You’ve seen or heard the commercials, usually spoken in an unsettling voiceover: “Were you injured by the [drug/tool/device] between 2005 and 2008? You could be entitled to thousands of dollars in a legal settlement.”
These ads seek plaintiffs for class-action lawsuits. Former attorney Noah Seiler thinks he has a more effective approach. Even with their (often) low production quality, these commercials can be “very expensive,” Seiler says. “And they’re not targeted as well as more modern marketing can be.”
This past summer, Seiler opened Sift Legal Marketing, which offers an intriguing way to attract lead plaintiffs—advertising on social media. Based (where else?) in Minneapolis’ North Loop, it grew out of Seiler’s work at a Twin Cities marketing agency, which he joined after three unsatisfying years as a public defender and a business attorney.
While at the digital agency, Seiler met a class-action attorney who bemoaned the challenge of finding suitable plaintiffs: “I saw that a lot of what we were doing could be applied to this.”

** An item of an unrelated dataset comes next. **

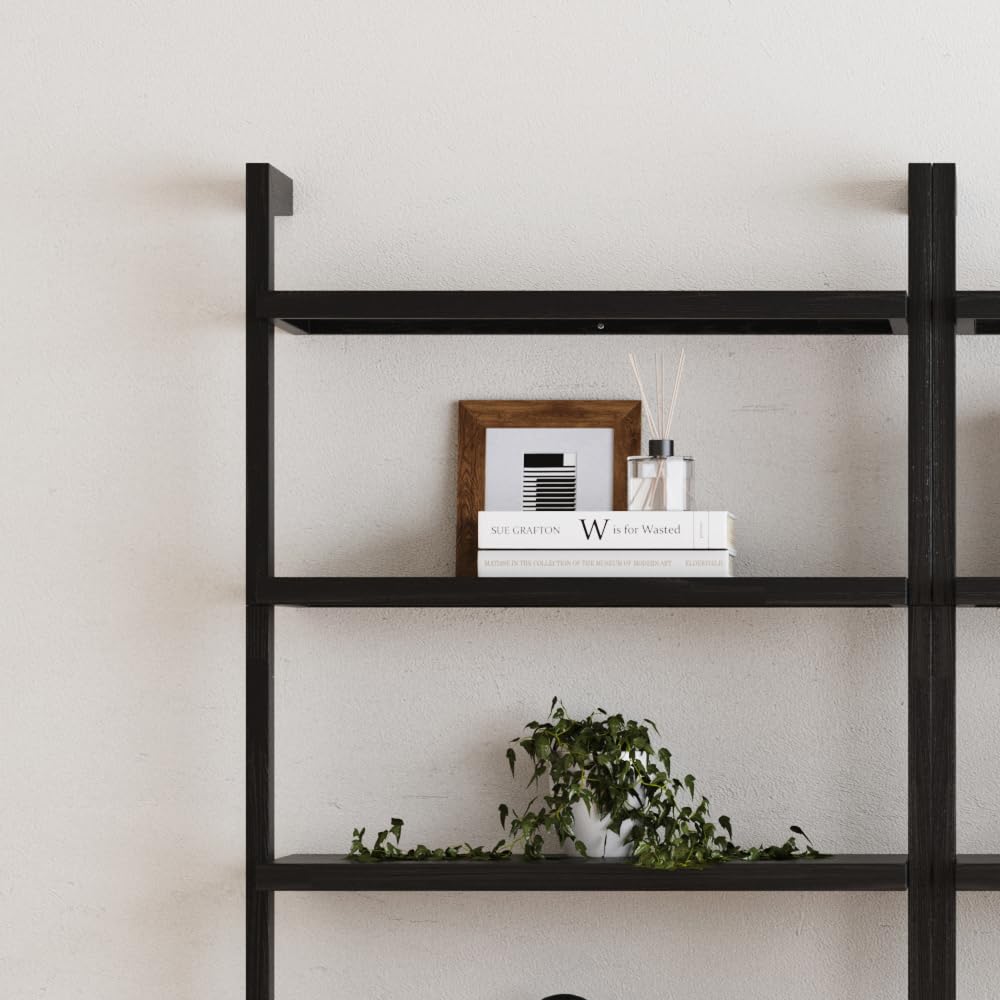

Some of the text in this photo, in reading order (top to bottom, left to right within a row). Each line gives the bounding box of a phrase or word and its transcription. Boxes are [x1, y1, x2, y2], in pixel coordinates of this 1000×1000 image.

Social media sites collect a cornucopia of user data—and let marketers like Sift Legal pick and choose the fruit. If a law firm is assembling, say, a product liability case, it can look for Facebook or Instagram users most likely to have bought that product based on characteristics like age, geographical location, and gender. People who follow certain relevant pages also might be targeted.
Not all attorneys approve. “That sort of service, in my view, represents the underbelly of the practice,” says Karl Cambronne, a partner at Minneapolis-based Chestnut Cambronne PA whose focus is class-action litigation. A better approach for a firm to follow, Cambronne argues, is to develop a good reputation. That way, when people believe they’ve been wronged by a product or service, they’ll call you on their own initiative.
Seiler’s rebuttal? “Individuals and consumers don’t have time to know every law and investigate every single product or service that they use.” Class-action attorneys need plaintiffs in order to keep companies responsible, he says.